Ky. health officials issue advisory for Myrtle Beach travelers
The state Department for Public Health issued an advisory on Thursday for Kentucky residents who have traveled to Myrtle Beach, South Carolina, over the past two weeks, due to an outbreak of the coronavirus.
This follows a rise in the number of COVID-19 cases that began after Myrtle Beach hotels reopened May 15. Access to state attractions opened May 22, which was followed by a corresponding increase in positive COVID-19 cases.
Preston County, West Virginia, issued a health alert June 17 related to a cluster of COVID-19 cases noted in residents who recently had traveled to Myrtle Beach. A second cluster of cases in West Virginia was identified the following day.
In Kentucky, a similar situation arose when a group traveled to Myrtle Beach June 11, returning June 14. At least nine members of the party tested positive for the coronavirus. Another cluster may be linked to a trip to Myrtle Beach the first week of June. An additional COVID-19-positive Kentucky resident was exposed during travel in mid-June to Myrtle Beach.
Kentucky Public Health Commissioner Dr. Steven Stack warned, “If you or someone to whom you are close has been to Myrtle Beach in the past two weeks, please be aware that you have a good probability of having been exposed to the novel coronavirus.”
“Please avoid contact with those who are vulnerable, such as the elderly and anyone with significant medical conditions, including diabetes, obesity and heart disease.”

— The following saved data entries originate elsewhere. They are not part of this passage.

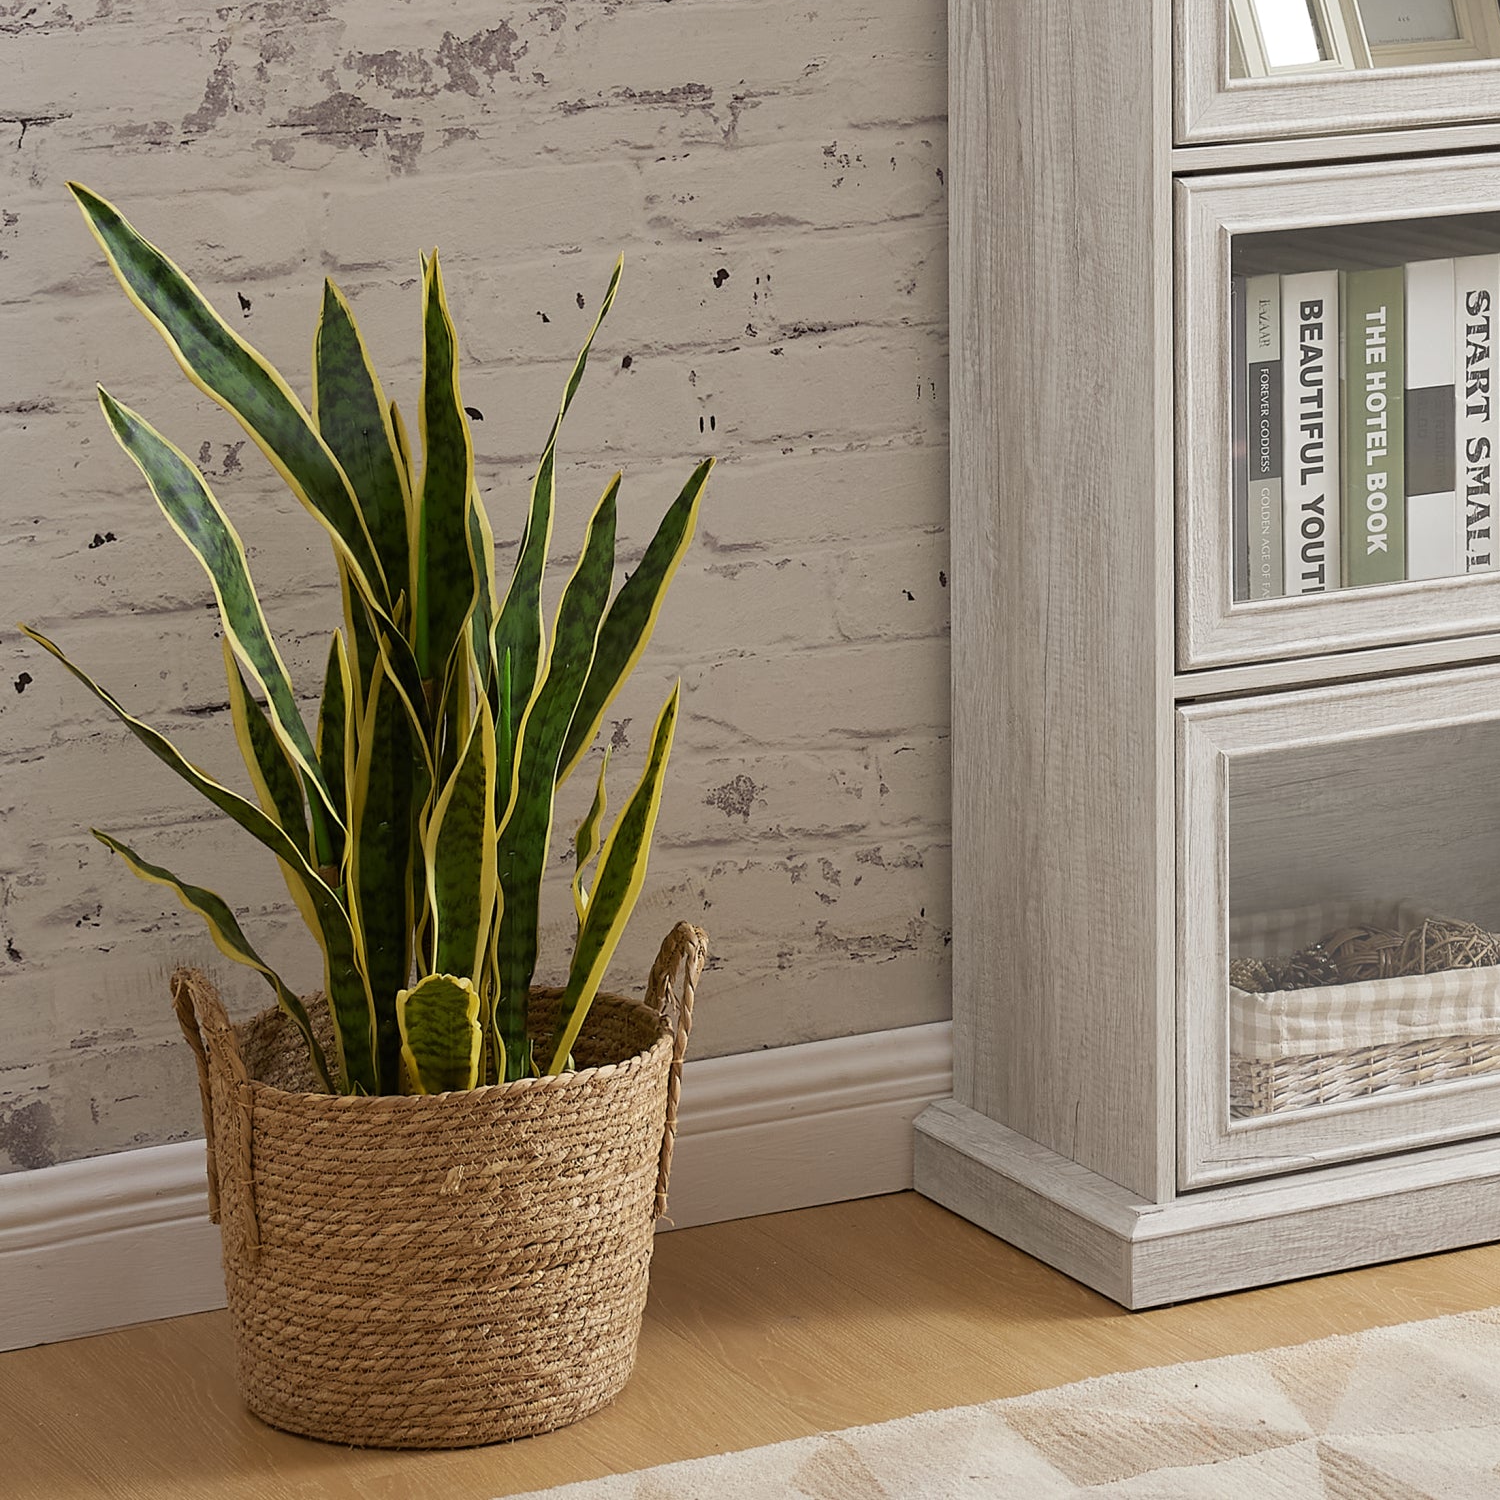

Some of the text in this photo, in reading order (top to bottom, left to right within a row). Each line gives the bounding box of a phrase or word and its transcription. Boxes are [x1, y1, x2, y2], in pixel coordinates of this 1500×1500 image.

[1299, 299, 1324, 486] BEAUTIFUL
[1465, 290, 1491, 423] START
[1260, 368, 1270, 473] FOREVER GODDESS
[1365, 306, 1388, 556] THE HOTEL BOOK
[1261, 487, 1271, 535] GOLDEN
[1262, 538, 1271, 561] AGE
[1262, 563, 1271, 579] OF

He says recent travelers to Myrtle Beach should watch for a fever of 100.4 degrees or higher, respiratory symptoms, such as shortness of breath or breathing difficulty and a loss of smell or taste
If any of these symptoms are present, the person should get tested for COVID-19 as soon as possible.
Public Health officials say concerns are not just limited to Myrtle Beach travel.
Several other states have reported a rise in COVID-19 cases, and the guidance should be applied more broadly, including social situations where people gathered in numbers of 10 or greater and in situations where people are not observing recommended precautions, including practicing social distancing and wearing a cloth mask when in public or in groups.
Kentuckians should also practice thorough and frequent handwashing.